Hosa grimaced. “My people are the Red Sky clan. Our settlement’s about three days’ hike from here. We got hit by that big meteor storm a couple weeks back. Wiped out all our crops. If we don’t get a miracle quick, we’re gonna starve this winter.”
Ozzie took a long, hard look at the boy. His eyes weren’t the only thing that looked hollow and desperate, he realized. The boy’s long, dark hair framed a face that was too thin for one so young. And his clothing-a worn farmer’s shirt and dull grey breeches-hung on his narrow frame, turning him into a scarecrow. Ritual fasting hadn’t made him that skinny. Not in the last few days, anyway.
“Looks to me like your people might have been starving already,” Ozzie said, taking a sip of his beer.
The boy looked away. “Harvest hasn’t been good the last few years. Drought, disease, early frost….”
“Plus I hear your chief blew more than half your clan’s allotment of seed at a poker game last season. That certainly couldn’t have helped matters.”
A storm of anger clouded over the boy’s face. “He was stupid. He gambled with what wasn’t his to give. Now we’re all paying for it.”
“You especially,” Ozzie replied. “You know my services don’t come free.”
“I don’t have any money-” the boy began.
“Don’t play stupid with me, kid. I’m a God, remember. I get my drinks for free. You really gonna pretend I’m talking about money?”
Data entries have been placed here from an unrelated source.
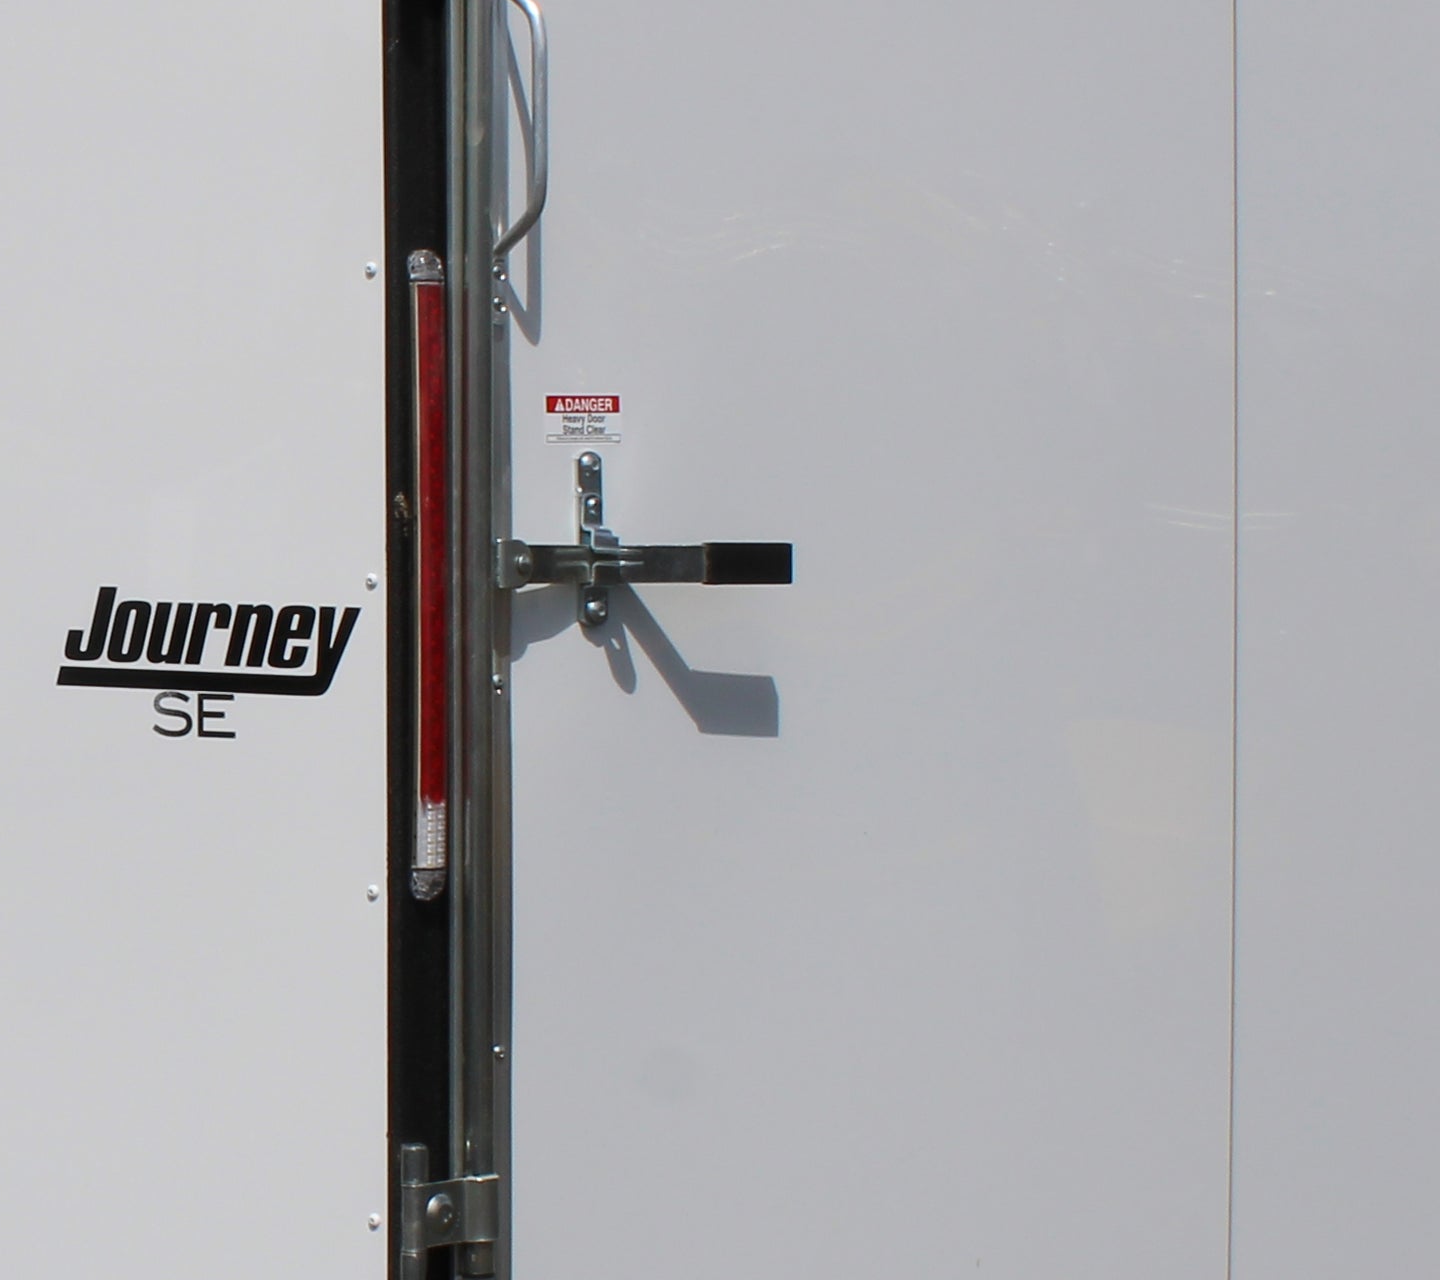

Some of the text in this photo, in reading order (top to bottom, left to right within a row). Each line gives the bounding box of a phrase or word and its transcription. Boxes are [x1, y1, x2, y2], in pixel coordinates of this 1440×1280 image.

[565, 398, 613, 412] DANGER
[562, 414, 606, 426] Heavy Door
[562, 425, 606, 435] Stand Clear
[59, 586, 362, 693] Journey
[153, 691, 236, 739] SE
The answer to that was a long time coming. The boy sat and stared at the scarred surface of the table. Ozzie finished off his beer and stared at the remaining untouched drink. He was about to reach for it and polish that off too, when the boy finally spoke.
“I heard the rumors.”
“Not rumors. Gospel. Truth. You want something from me? I need something from you. Assuming you’re of age. The rules are very clear on that point. I wouldn’t want you to gamble away what isn’t yours to give, namely consent.”
“Of course I’m of age!” the boy shot back. “I told you, I’m on a holy mission! I’m a warrior for my people.”
Ozzie snorted. “You mean you’re on a dream quest?” He sighed and rubbed his face. “I should’ve known. Coming of age ritual. That puts you right at the line of legal. I guess you’re old enough then. But I should warn you. You ain’t gonna get much sleep on this dream quest of yours. A God needs worship and prayers to make miracles happen. And given the state I’m in right now, I’m gonna need every bit of worship you can give.”
A crimson flush crept up the boy’s neck and spread right up to his hairline.
“So… when… I mean, how…?”
“Relax, kid. We’re not gonna do it here in the bar. We’ll work out the details on the way back to your clan.”
Ozzie picked up the second beer and drained it in one long swallow.
“Brewster? Get us a meal, and then pack up some provisions for a three-day hike. Enough for three.”
“Three?” Hosa exclaimed. “Who else is coming?”
“Me,” Saul said. He stood up slowly, his aged joints popping with the effort. “I’m coming too.”
“What the hell for?” Hosa demanded with a sneer. “You a God too, old man?”
“Nope. I’m his high priest.” Saul wiped his mouth on his sleeve and pointed at Ozzie. “Wherever he goes, I go. It’s the rules.”
Hosa looked back at Ozzie, who shrugged. Saul knew the rules, all right. He’d been around long enough.